EXERCISE: Whatever pictures the entries hold, omit them, and output exactly the lines from the one containing "this 1458×1500 image." through the final line.

STORED DATA:
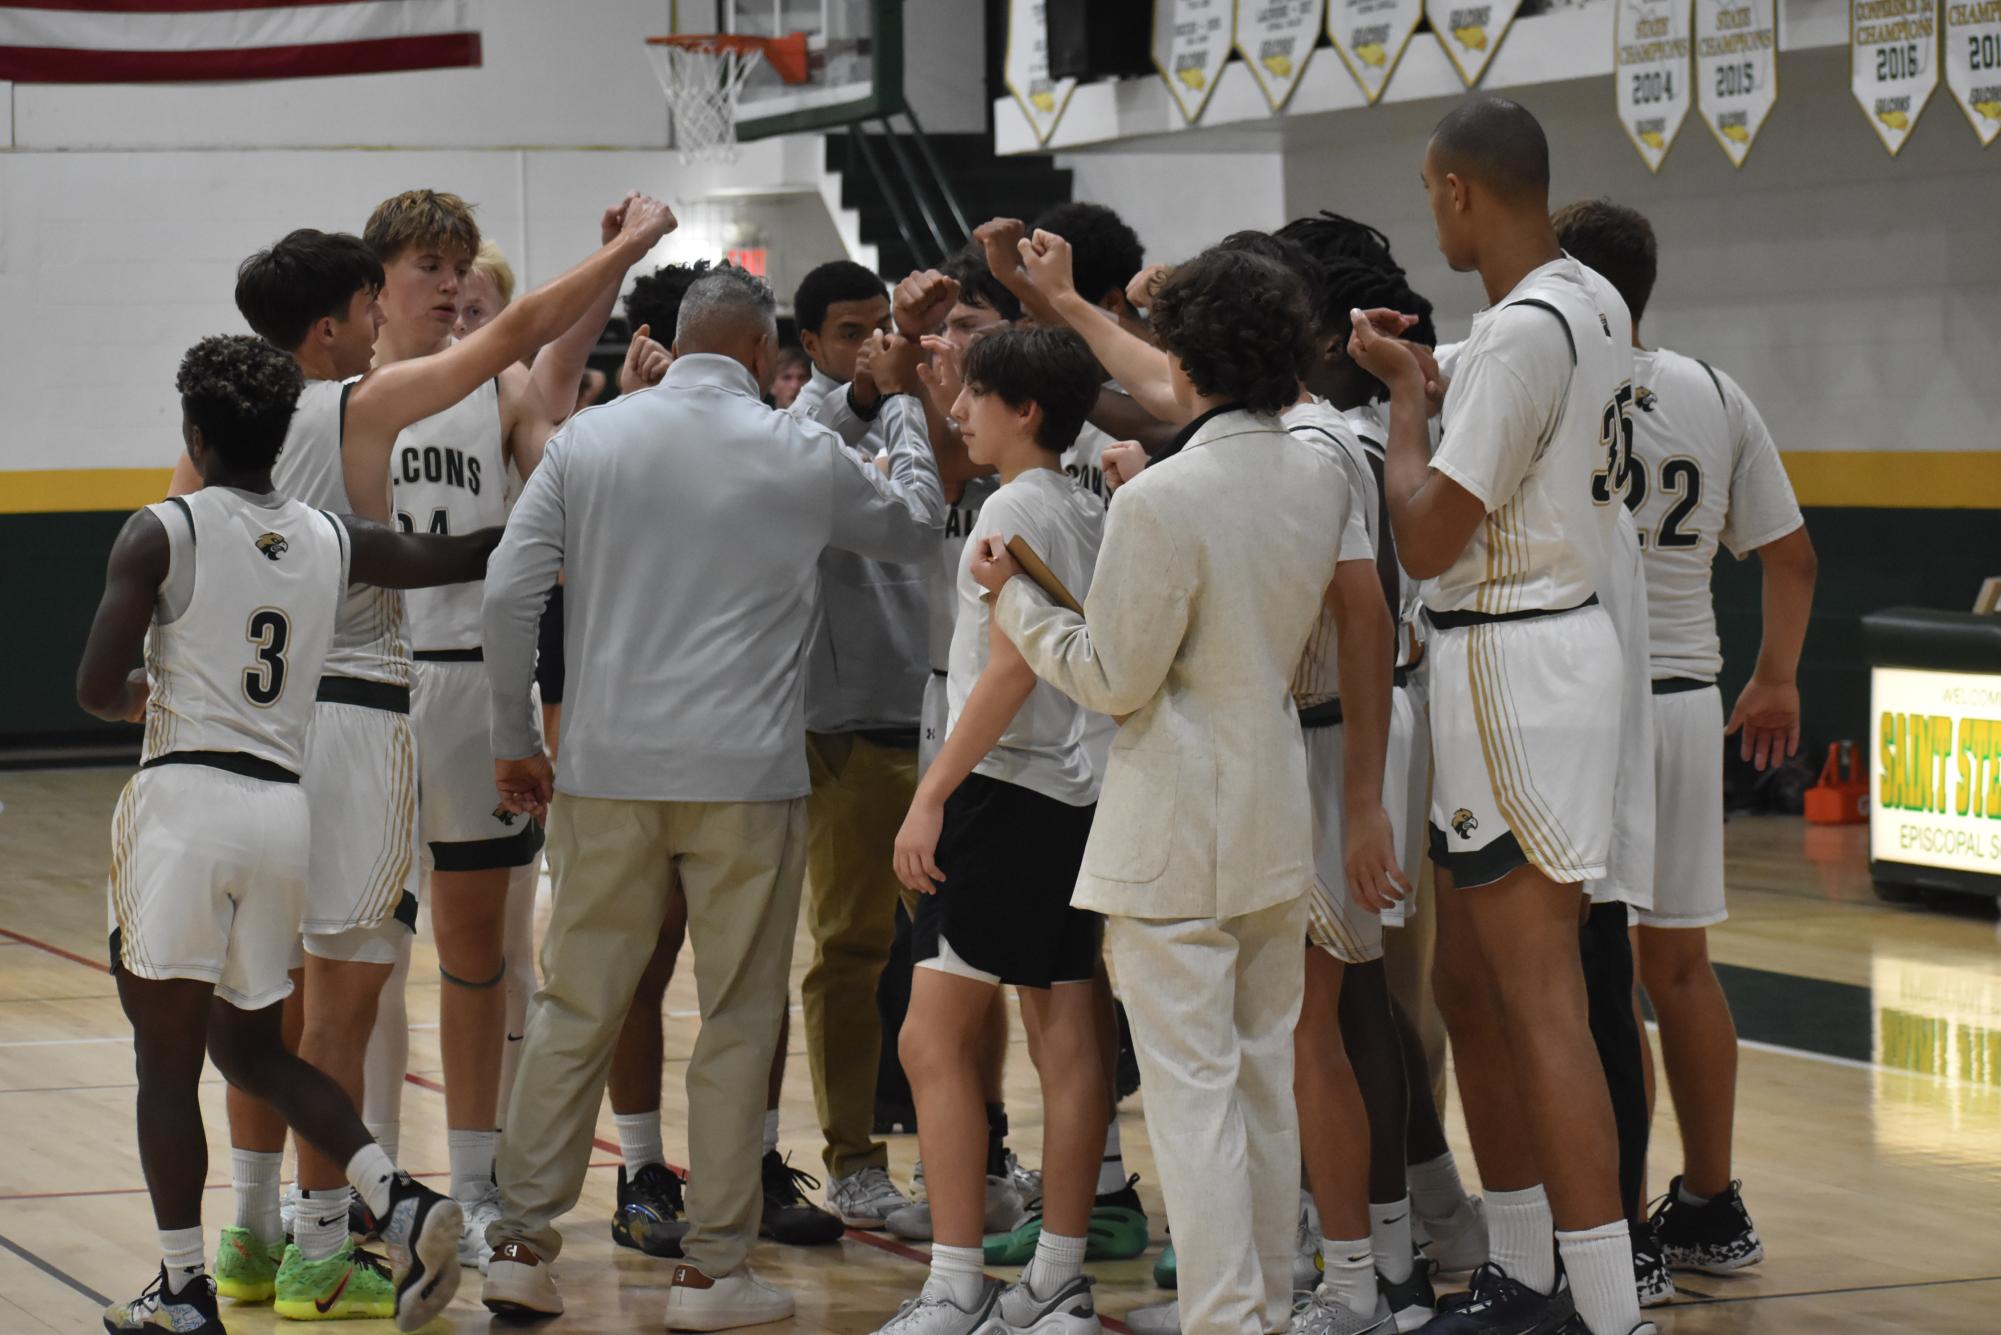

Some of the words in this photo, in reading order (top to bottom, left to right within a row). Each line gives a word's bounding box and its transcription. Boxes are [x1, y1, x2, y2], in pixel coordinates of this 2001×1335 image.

[1856, 18, 1934, 46] CHAMPIONS
[1716, 62, 1754, 98] 2015
[1876, 44, 1918, 82] 2016
[1633, 70, 1673, 105] 2004
[393, 446, 482, 496] CONS
[241, 606, 291, 709] 3
[1880, 711, 1953, 815] SAINT
[1900, 824, 1984, 858] EPISCOPAL
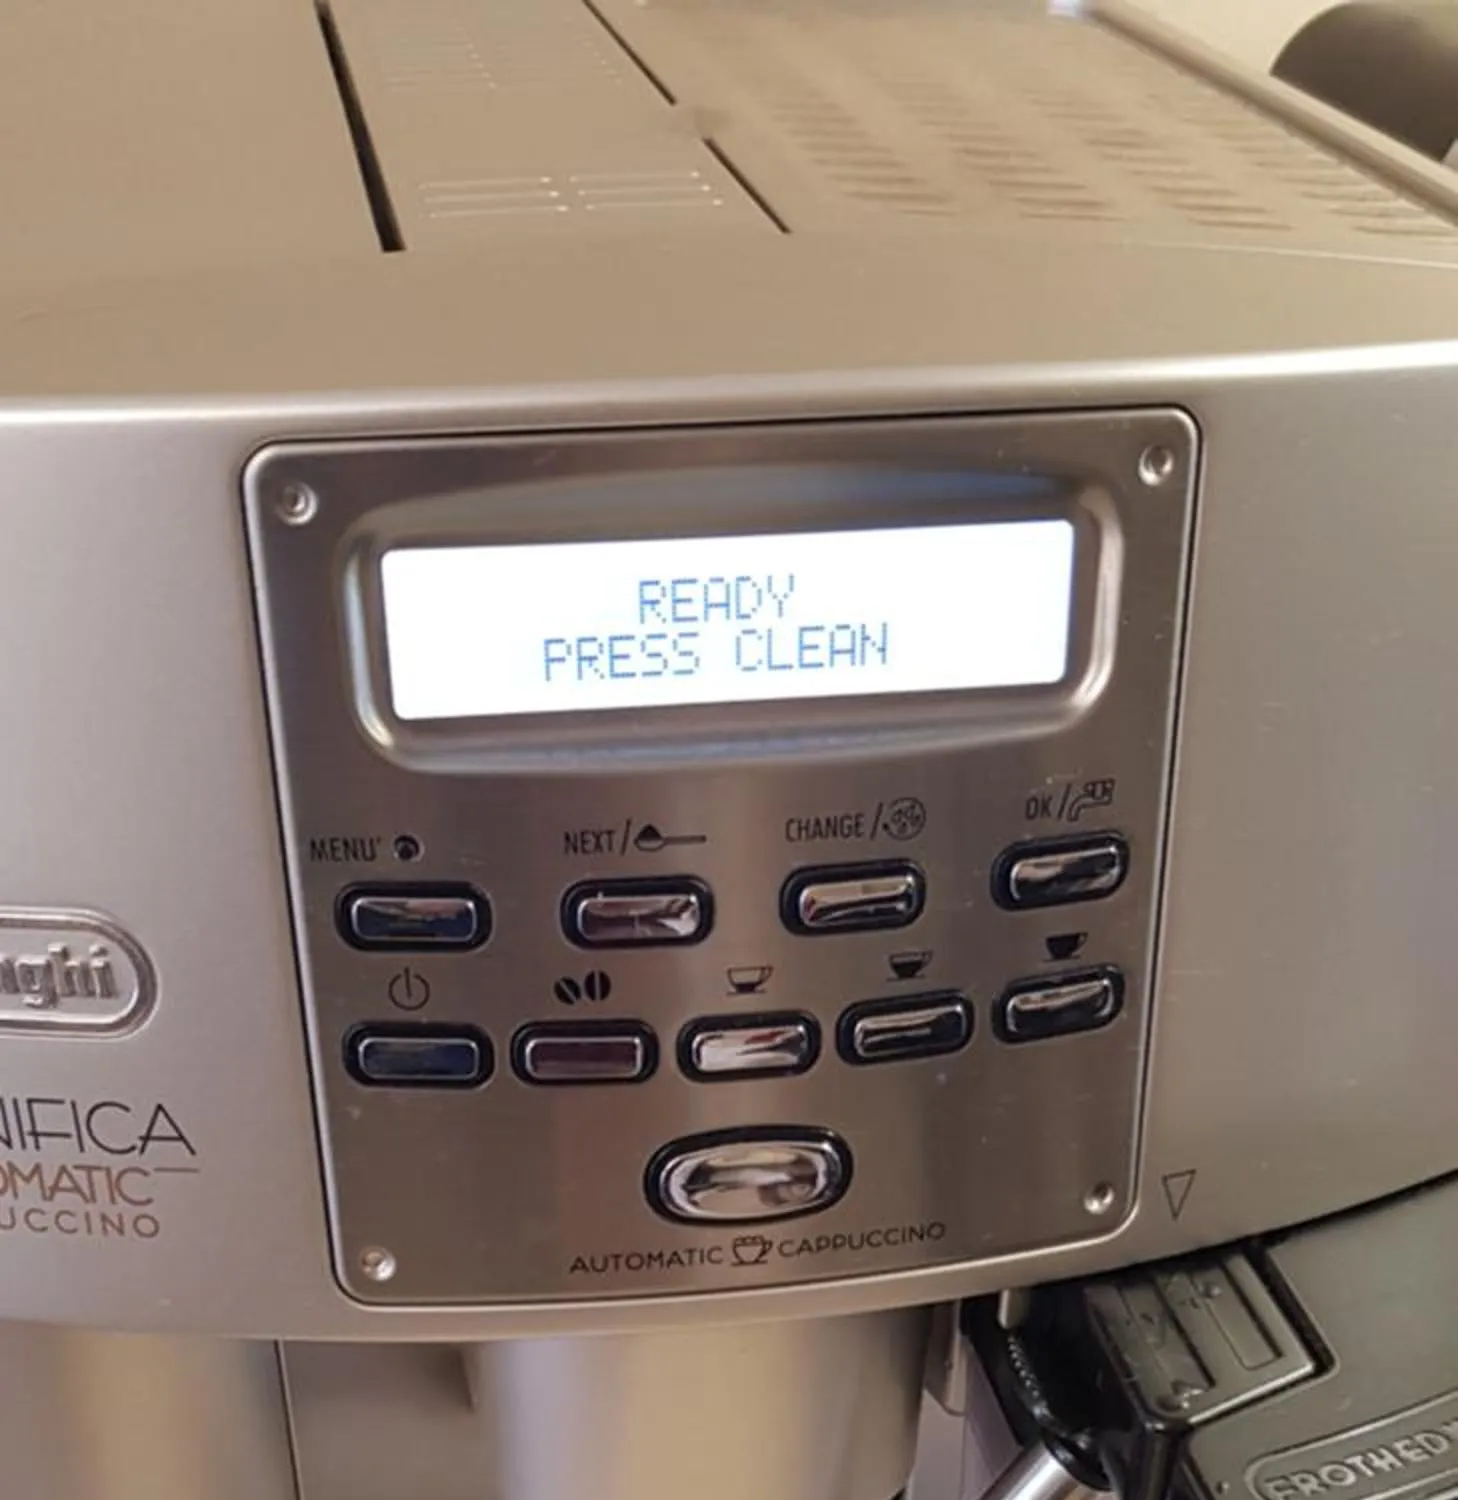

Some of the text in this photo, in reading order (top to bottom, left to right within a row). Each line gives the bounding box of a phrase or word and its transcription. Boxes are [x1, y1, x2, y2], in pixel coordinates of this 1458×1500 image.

[637, 573, 796, 626] READY
[543, 621, 889, 682] PRESS CLEAN
[0, 1161, 155, 1207] MATIC
[568, 1221, 947, 1275] AUTOMATIC CAPPUCCINO
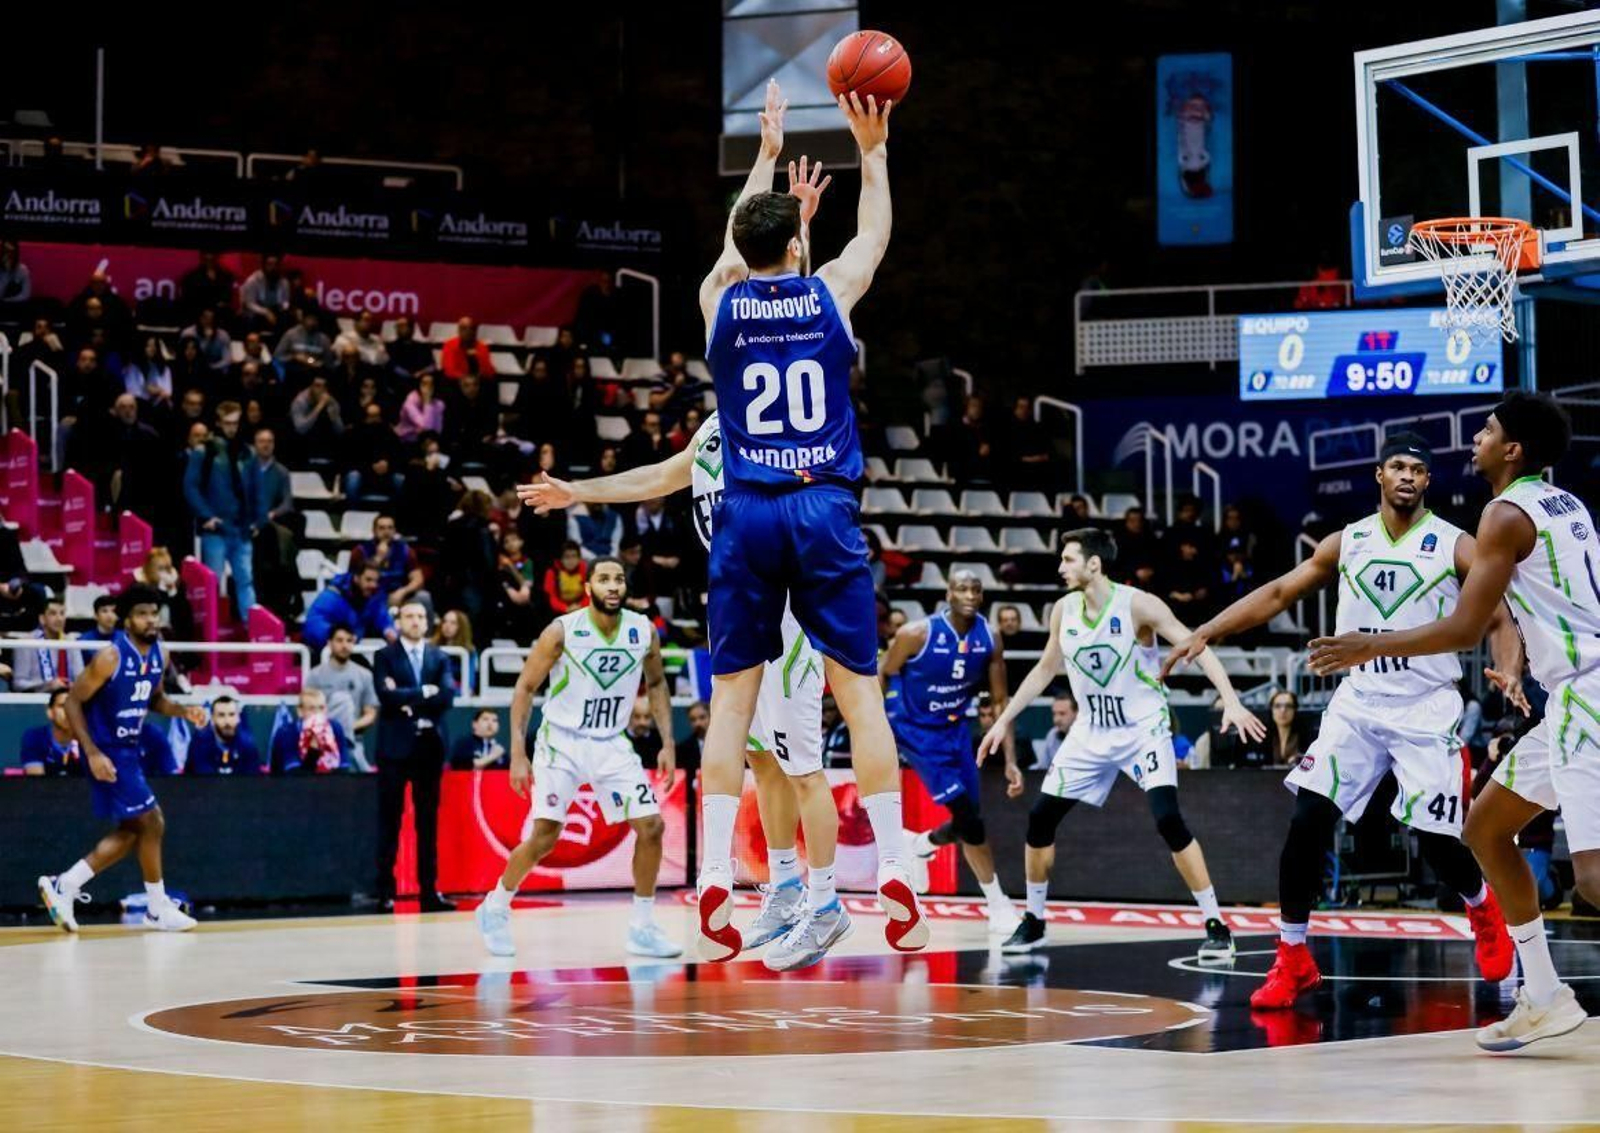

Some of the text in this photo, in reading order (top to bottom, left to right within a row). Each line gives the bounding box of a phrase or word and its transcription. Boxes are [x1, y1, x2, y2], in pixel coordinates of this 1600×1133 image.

[4, 189, 101, 215] Andorra
[152, 195, 248, 222] Andorra
[299, 204, 389, 229] Andorra
[439, 212, 527, 236] Andorra
[577, 220, 662, 243] Andorra
[316, 281, 419, 314] lecom
[731, 288, 822, 320] TODOROVIĆ
[748, 331, 824, 344] andorra telecom
[1242, 316, 1309, 335] EQUIPO
[1278, 333, 1304, 370] 0
[1447, 329, 1472, 364] 0
[1252, 372, 1266, 390] 0
[1346, 361, 1413, 391] 9:50
[1476, 365, 1489, 383] 0
[743, 360, 826, 435] 20
[1166, 421, 1300, 460] MORA
[739, 443, 836, 470] ANDORRA
[1374, 570, 1396, 591] 41
[598, 656, 620, 673] 22
[951, 659, 966, 679] 5
[1089, 652, 1102, 670] 3
[579, 696, 625, 729] FIAT
[1086, 694, 1127, 728] FIAT
[773, 730, 790, 762] 5
[1146, 751, 1160, 772] 3
[1428, 793, 1459, 824] 41
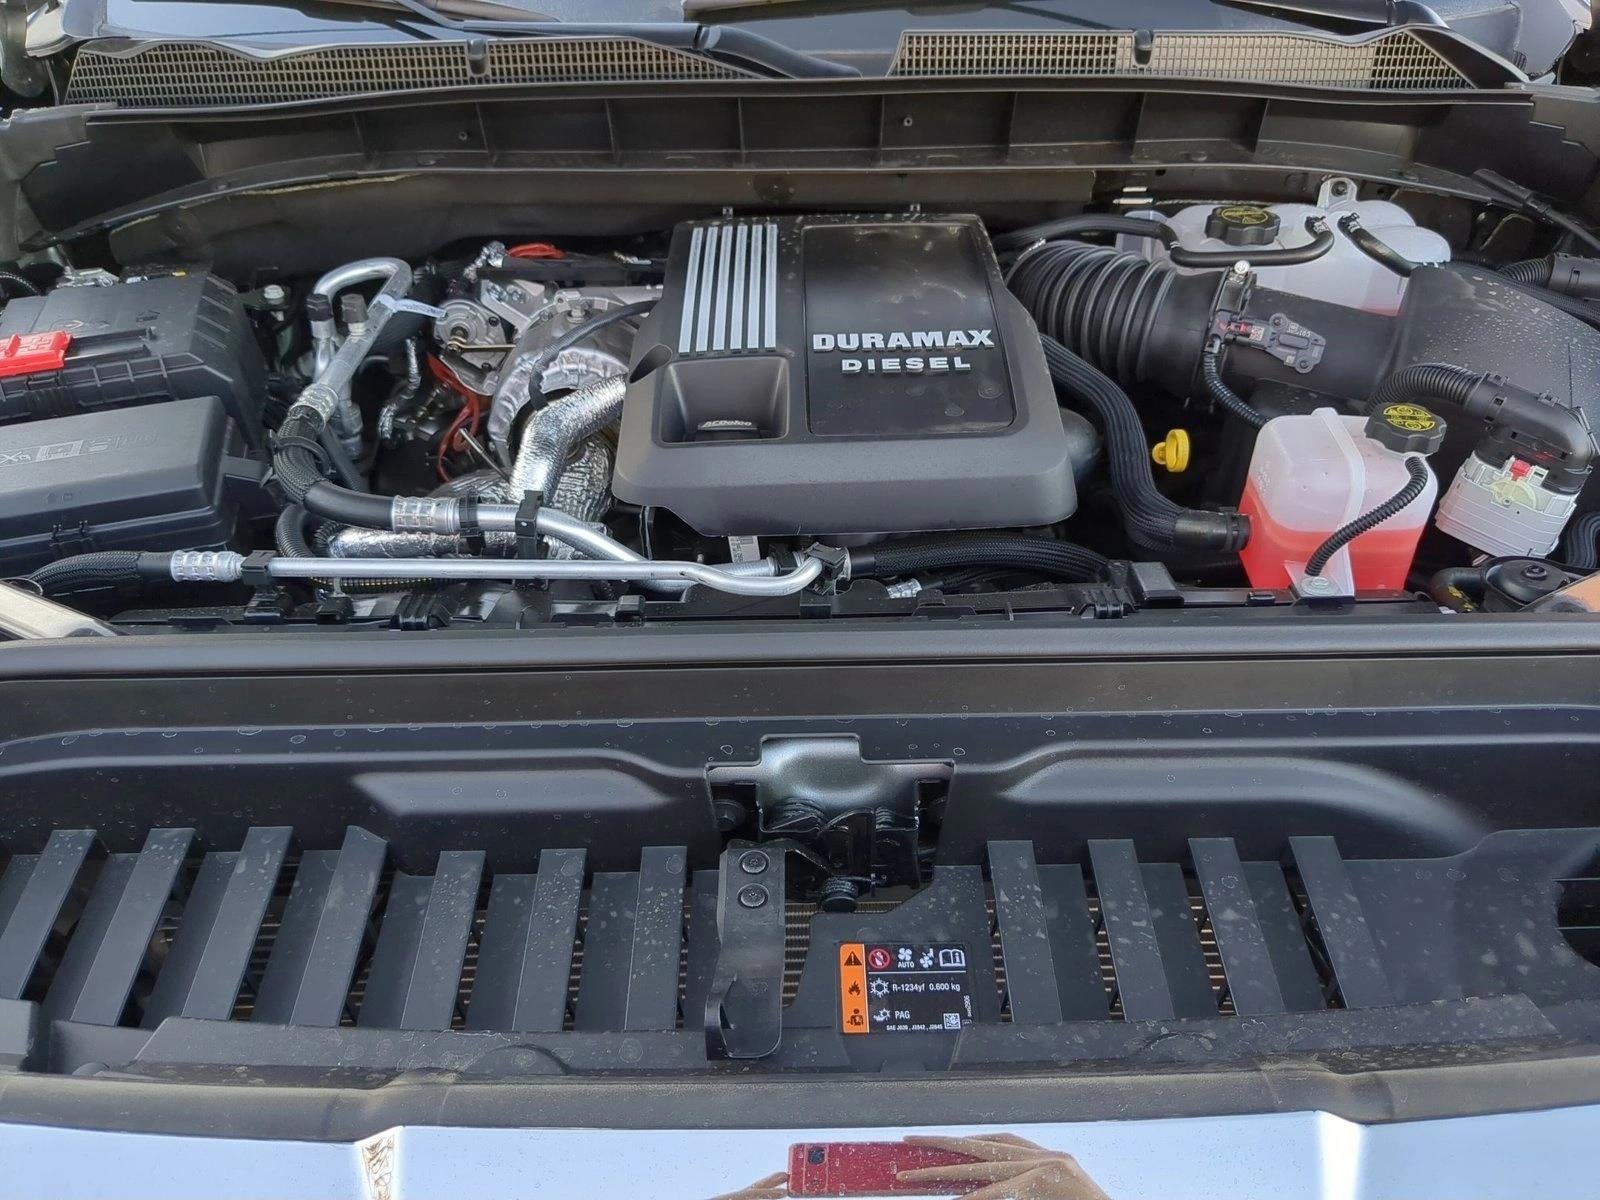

EXPECTED ANSWER:
Some of the text in this photo, in reading order (top to bottom, left to right within a row). Each line gives the bounding box of a phrase or word and its transcription. Boxes are [x1, y1, x2, y2], in pixel coordinates of this 1458×1500 image.

[637, 573, 796, 626] READY
[543, 621, 889, 682] PRESS CLEAN
[0, 1161, 155, 1207] MATIC
[568, 1221, 947, 1275] AUTOMATIC CAPPUCCINO

Some of the text in this photo, in reading order (top to bottom, left to right within a row). Each line gives the bounding box of a phrase or word and its transcription. Boxes are [x1, y1, x2, y2], in pixel coordinates of this 1600×1133 image.

[4, 189, 101, 215] Andorra
[152, 195, 248, 222] Andorra
[299, 204, 389, 229] Andorra
[439, 212, 527, 236] Andorra
[577, 220, 662, 243] Andorra
[316, 281, 419, 314] lecom
[731, 288, 822, 320] TODOROVIĆ
[748, 331, 824, 344] andorra telecom
[1242, 316, 1309, 335] EQUIPO
[1278, 333, 1304, 370] 0
[1447, 329, 1472, 364] 0
[1252, 372, 1266, 390] 0
[1346, 361, 1413, 391] 9:50
[1476, 365, 1489, 383] 0
[743, 360, 826, 435] 20
[1166, 421, 1300, 460] MORA
[739, 443, 836, 470] ANDORRA
[1374, 570, 1396, 591] 41
[598, 656, 620, 673] 22
[951, 659, 966, 679] 5
[1089, 652, 1102, 670] 3
[579, 696, 625, 729] FIAT
[1086, 694, 1127, 728] FIAT
[773, 730, 790, 762] 5
[1146, 751, 1160, 772] 3
[1428, 793, 1459, 824] 41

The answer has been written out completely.